*MATERIALS PROVIDED*
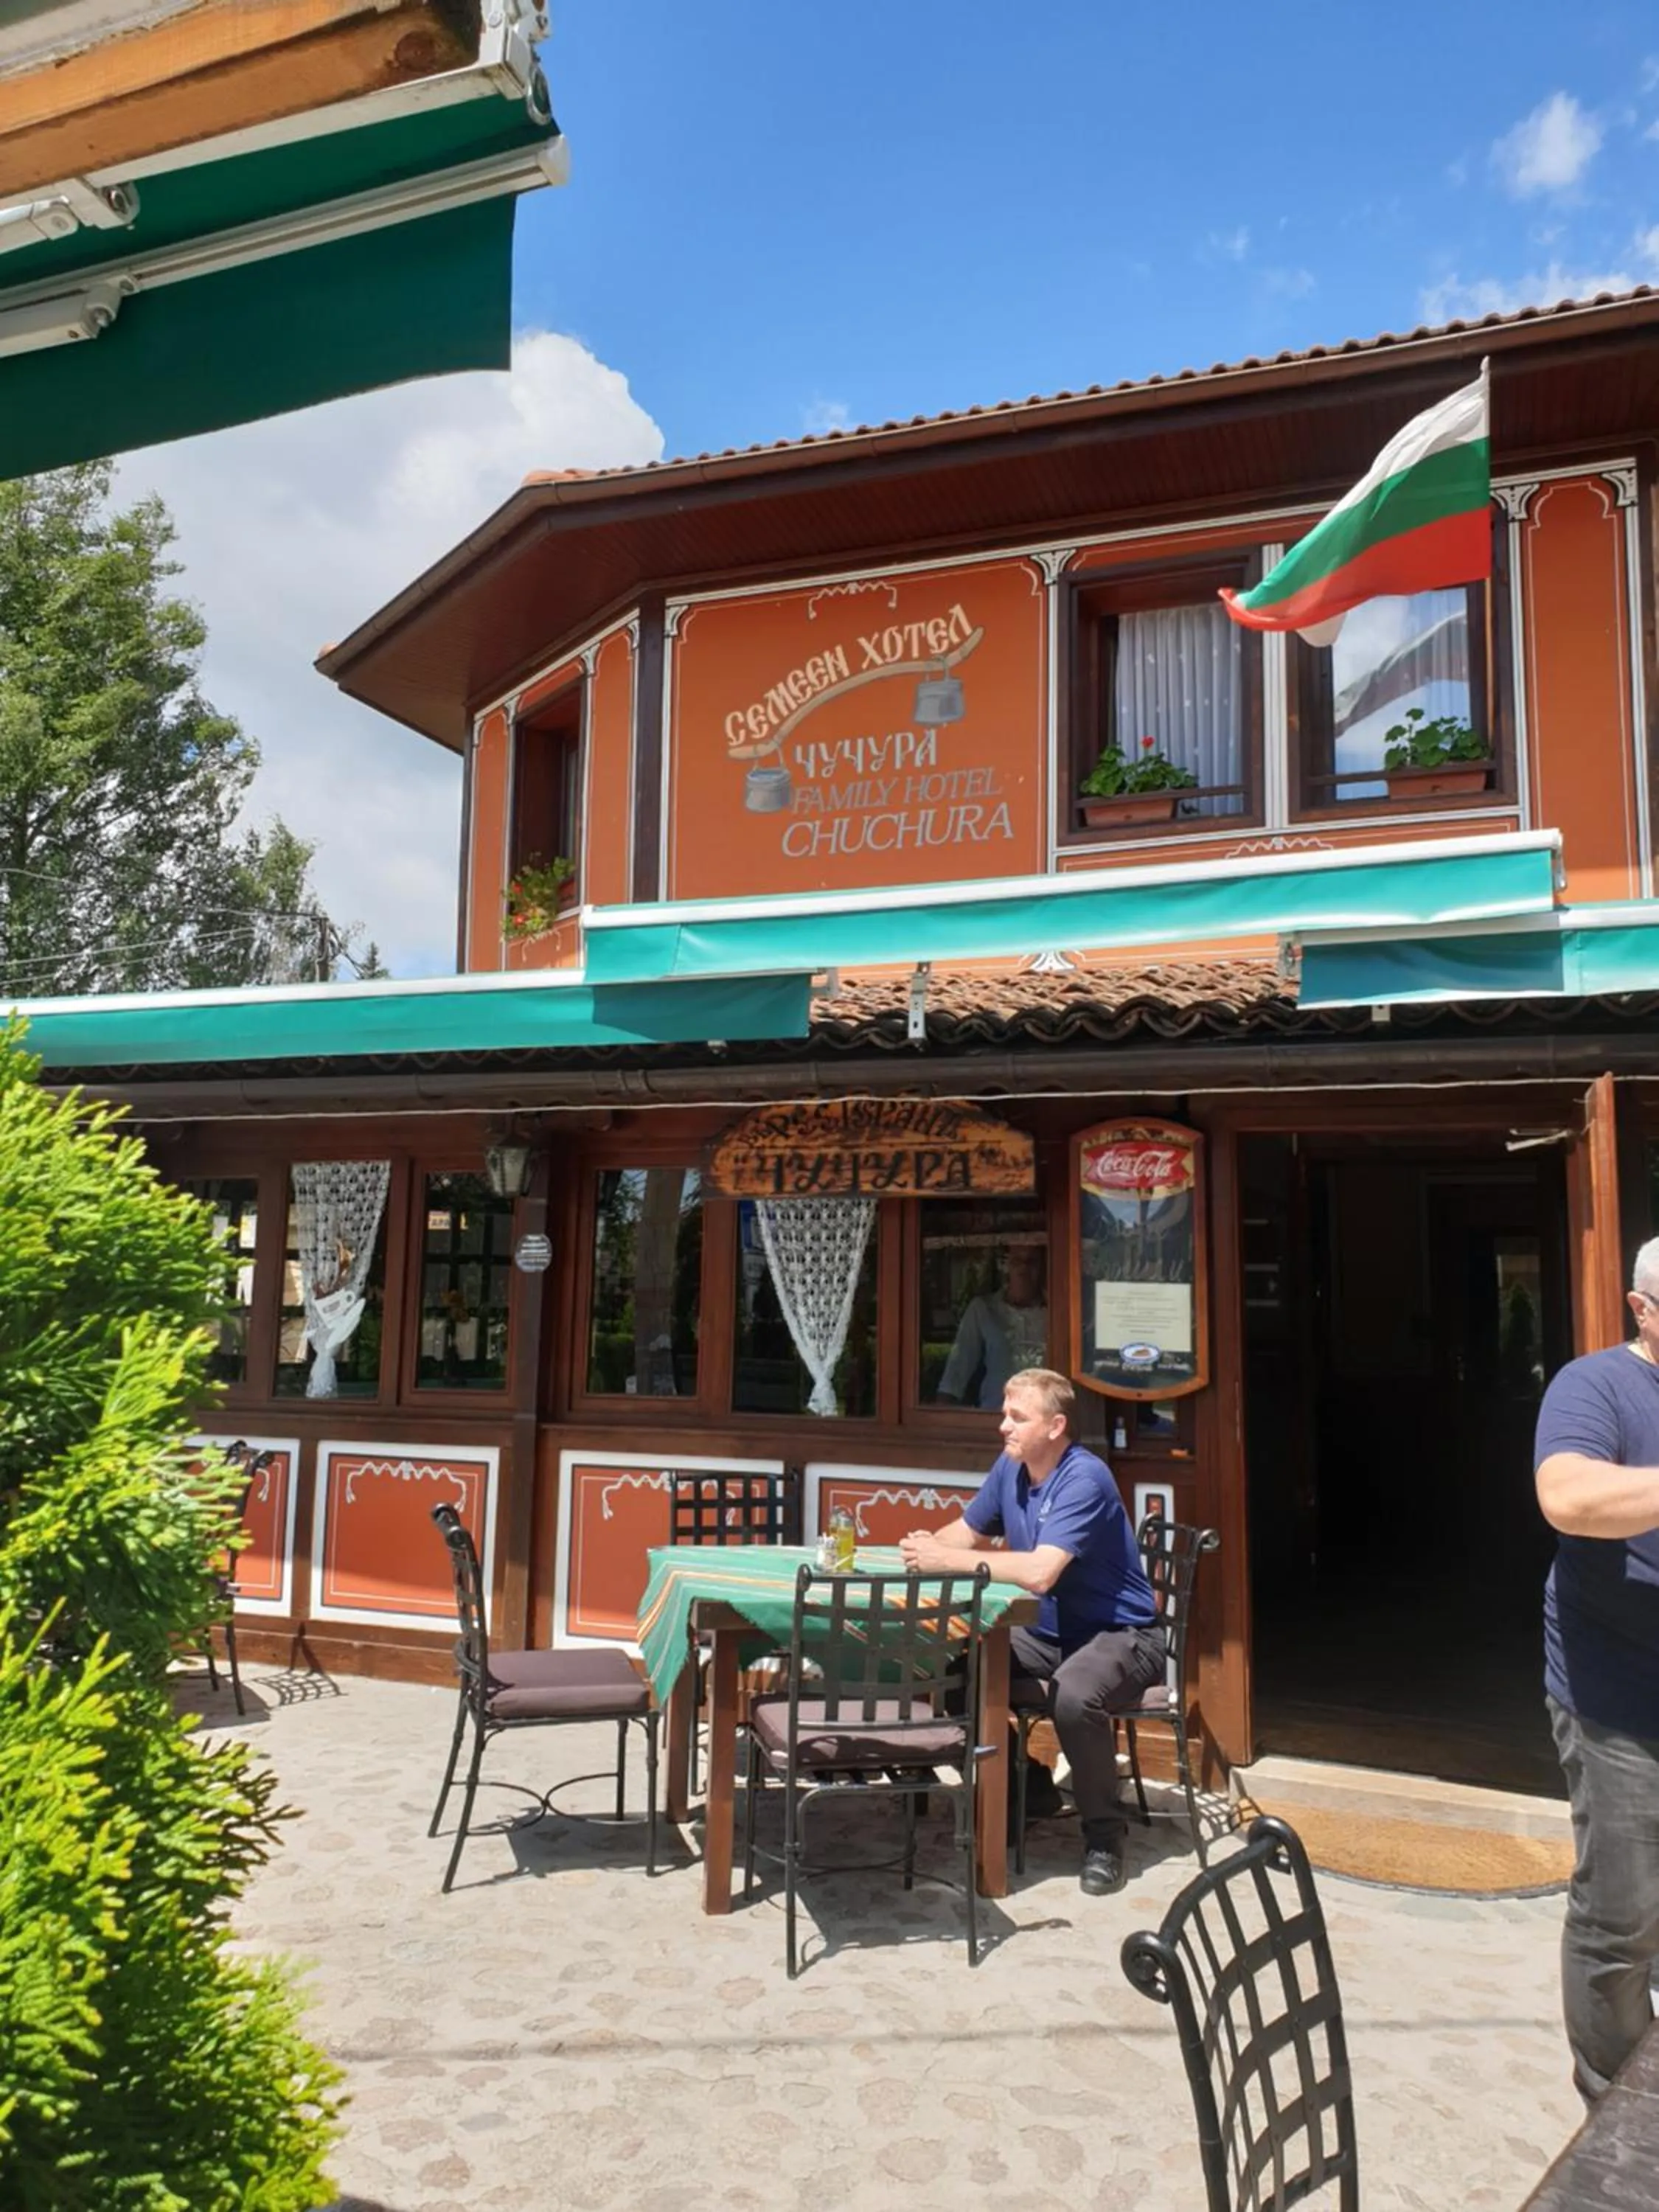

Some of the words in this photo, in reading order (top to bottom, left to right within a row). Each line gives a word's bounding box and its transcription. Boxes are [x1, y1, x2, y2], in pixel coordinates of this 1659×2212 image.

[724, 644, 850, 746] СЕМЕЕН
[857, 603, 973, 670] ХОТЕЛ
[794, 728, 937, 779] ЧУЧУРА
[791, 776, 899, 815] FAMILY
[903, 768, 1004, 804] HOTEL
[782, 801, 1015, 857] CHUCHURA
[1097, 1149, 1175, 1180] Coca-Cola

*TASK ITEM*
In your copy, include no pictures, but set down every record exactly.

*TASK RESPONSE*
Some of the words in this photo, in reading order (top to bottom, left to right within a row). Each line gives a word's bounding box and its transcription. Boxes are [x1, y1, x2, y2], in pixel coordinates of this 1659×2212 image.

[724, 644, 850, 746] СЕМЕЕН
[857, 603, 973, 670] ХОТЕЛ
[794, 728, 937, 779] ЧУЧУРА
[791, 776, 899, 815] FAMILY
[903, 768, 1004, 804] HOTEL
[782, 801, 1015, 857] CHUCHURA
[1097, 1149, 1175, 1180] Coca-Cola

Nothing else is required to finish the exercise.